With a budget of $100,000, Gon Architects renovates an attic apartment with the kitchen and bathroom contained in a multifunctional, red volume.

After purchasing an 840-square-foot attic apartment in Madrid’s trendy Justicia neighborhood, owner Andrés Rubio—a journalist and cofounder of Madrid’s alternative art gallery Mad is Mad—met with Spanish architect Gonzalo Pardo of architecture studio Gon, and asked him to transform the property into a suave bachelor pad.

Pardo was intrigued by Rubio’s request: "I need a lot of light, and darkness to sleep. I’m a freak. I hate air conditioning. At home, I work on weekends and I meet people, but I never have parties. I collect contemporary art. I like to eat in the kitchen, and read on the sofa.

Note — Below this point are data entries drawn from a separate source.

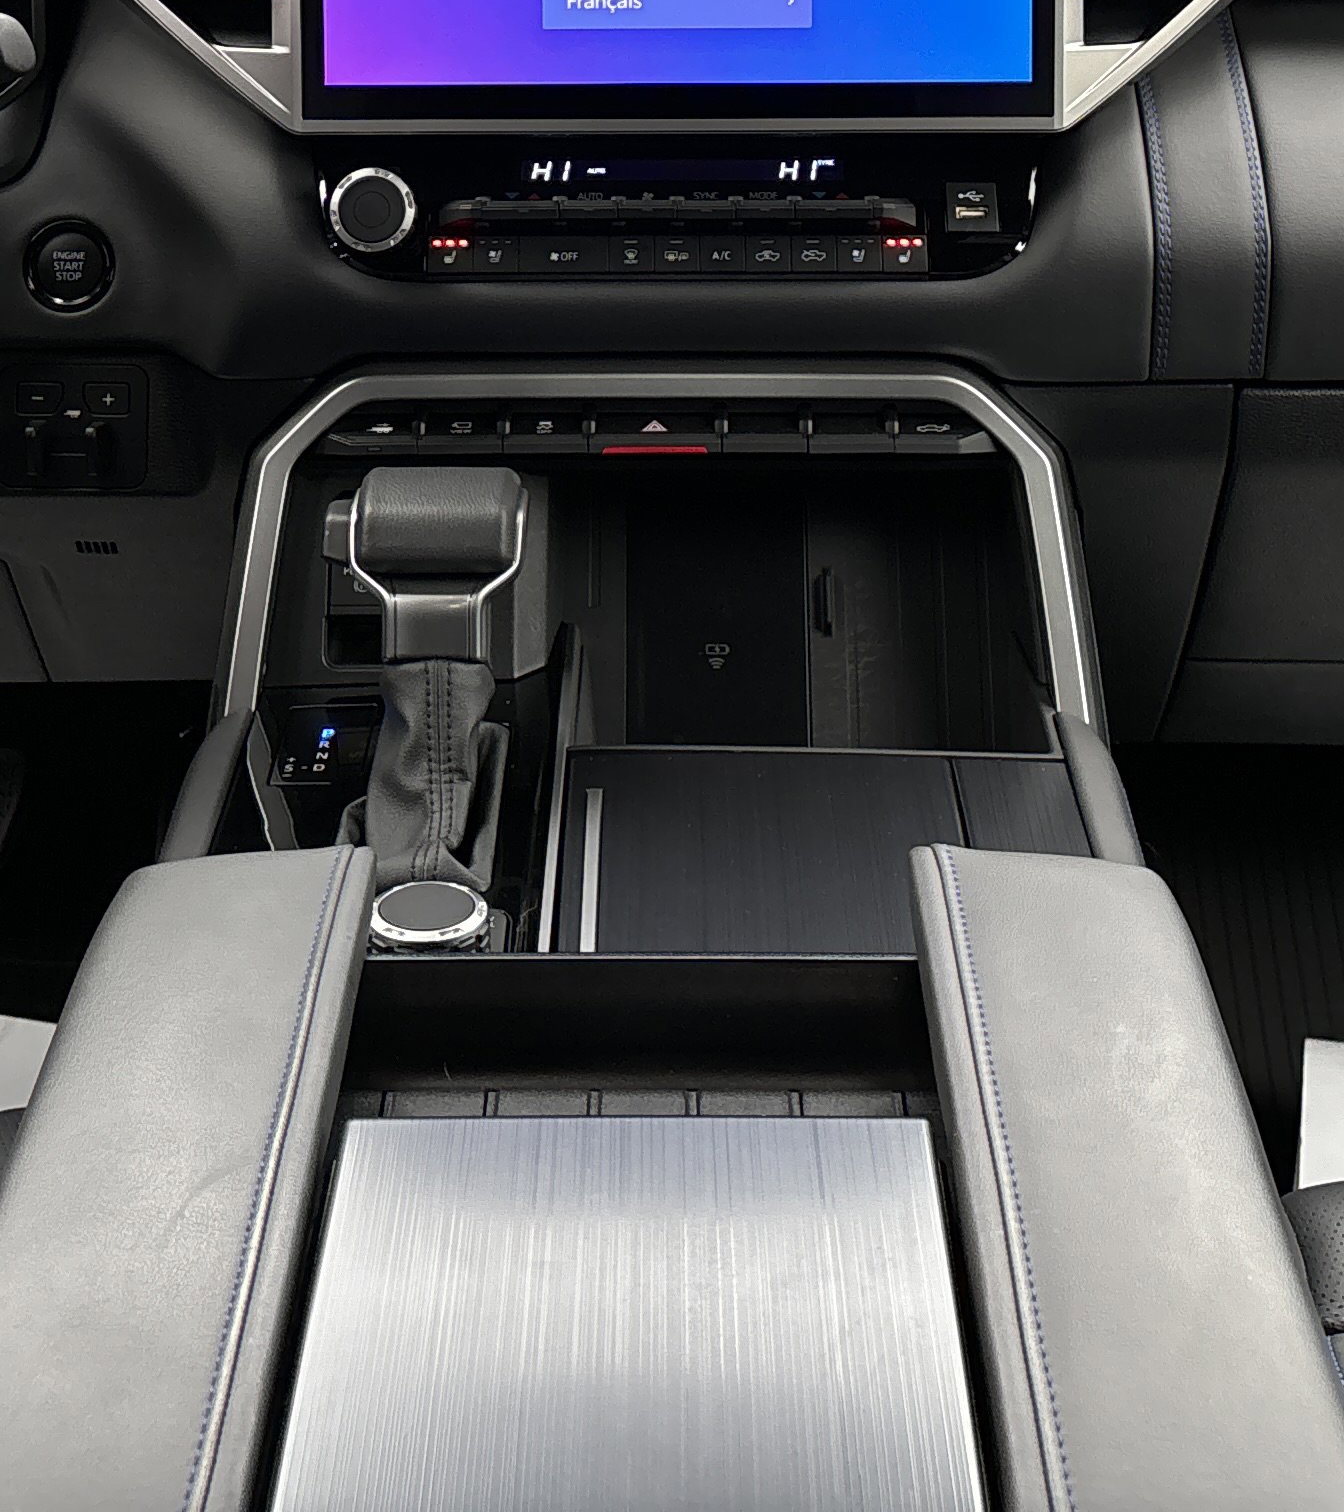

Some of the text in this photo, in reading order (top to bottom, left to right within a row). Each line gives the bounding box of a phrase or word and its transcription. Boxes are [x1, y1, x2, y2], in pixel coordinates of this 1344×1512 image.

[530, 160, 571, 182] HI
[577, 191, 604, 201] AUTO
[693, 191, 719, 200] SYNC
[749, 191, 778, 200] MODE
[52, 251, 86, 260] ENGINE
[560, 251, 579, 261] OFF
[712, 251, 732, 261] A/C
[54, 261, 84, 271] START
[56, 271, 82, 281] STOP
[321, 728, 335, 740] P
[318, 740, 331, 749] R
[316, 751, 329, 760] N
[283, 763, 295, 773] S
[312, 763, 326, 772] D

I like to take long showers, and I am obsessed with order. I have $102,240 for the restoration of the flat, and I want to celebrate next New Year's Eve at home."

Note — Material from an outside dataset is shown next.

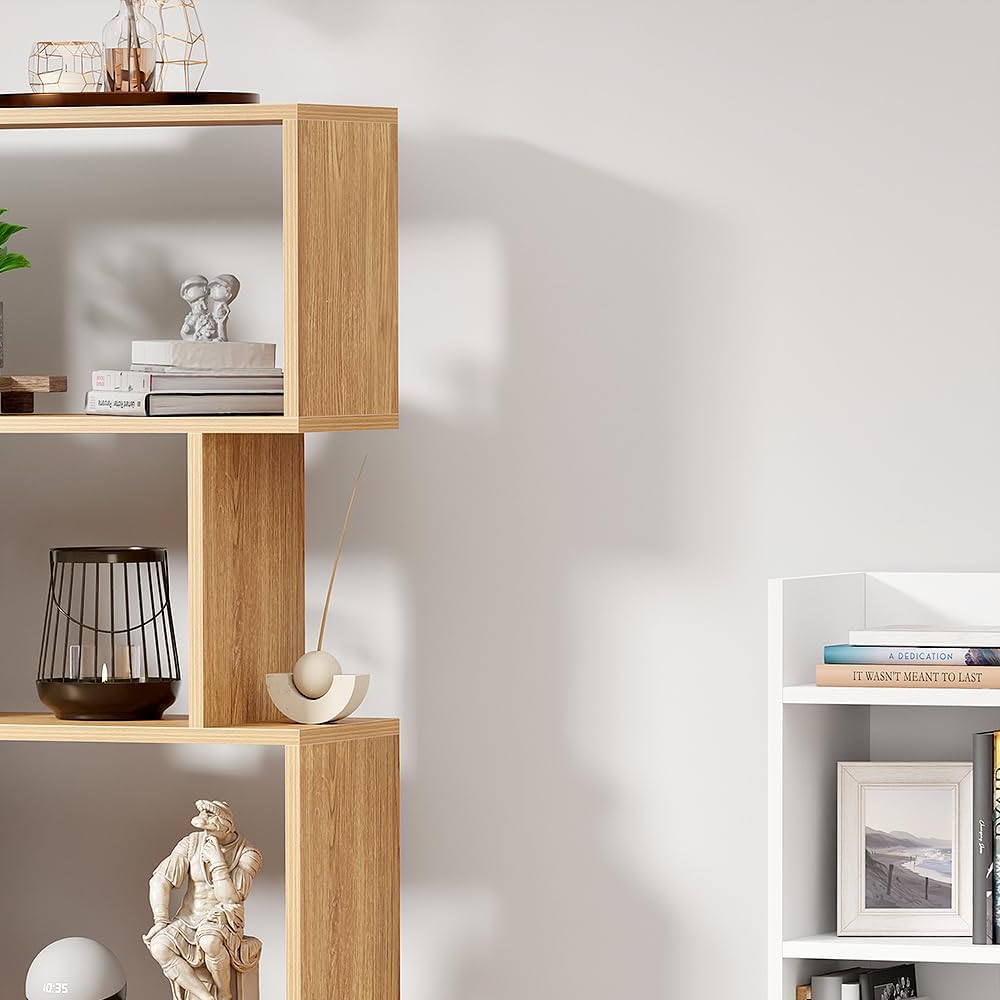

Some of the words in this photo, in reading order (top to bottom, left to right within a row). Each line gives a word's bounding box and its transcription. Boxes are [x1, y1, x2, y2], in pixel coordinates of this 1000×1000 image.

The exterior of Stored House on Calle de Pelayo in Madrid.

The entrance to the apartment offers a glimpse of glossy red cabinetry.

The original apartment, which was constructed in the 1950s as a watchtower addition on top of a 19th-century building, had four bedrooms and three tiny, street-facing windows that did not bring in enough natural light. 

The renovated apartment is fresh and airy with exposed beams and brickwork. The photograph "Man running with sugar clouds, Taksim, Istanbul," is a work by American photographer Ana Nance. 

"The brick column works like a solar clock, and everything revolves it," says Pardo. "The modulations of light are reflected on it. Through the shadows you can know approximately what time of day it is, and also perceive the changes of the seasons." 

The red furniture system contains the kitchen and a large bookshelf.

Pardo updated and brightened the interiors by removing all the old false ceilings and partitions, enlarging the openings facing the patio to the east, and adding new apertures to the west to frame views of the city and sky. 

At the entrance of the house is a painting by artist Francisco Roa. 

The wooden floors lead you through the house, their alternating designs and colors marking passageways and spatial sequences of study, of rest, and other day-to-day activities.

From inside, the flat’s three wood-framed, glass balcony doors allow Rubio to look straight out to the horizon and the roofs of Madrid. From outside it is possible to see a domestic, transparent interior through these doors.

Alvar Aalto’s Pendant Lamp A440 hangs over the Jean Prouvé’s round Guéridon Table in the dining space. 

The floors operate like wooden carpets that demarcate the space. 

The concrete-and-brick column was left exposed for an edgy, industrial feel.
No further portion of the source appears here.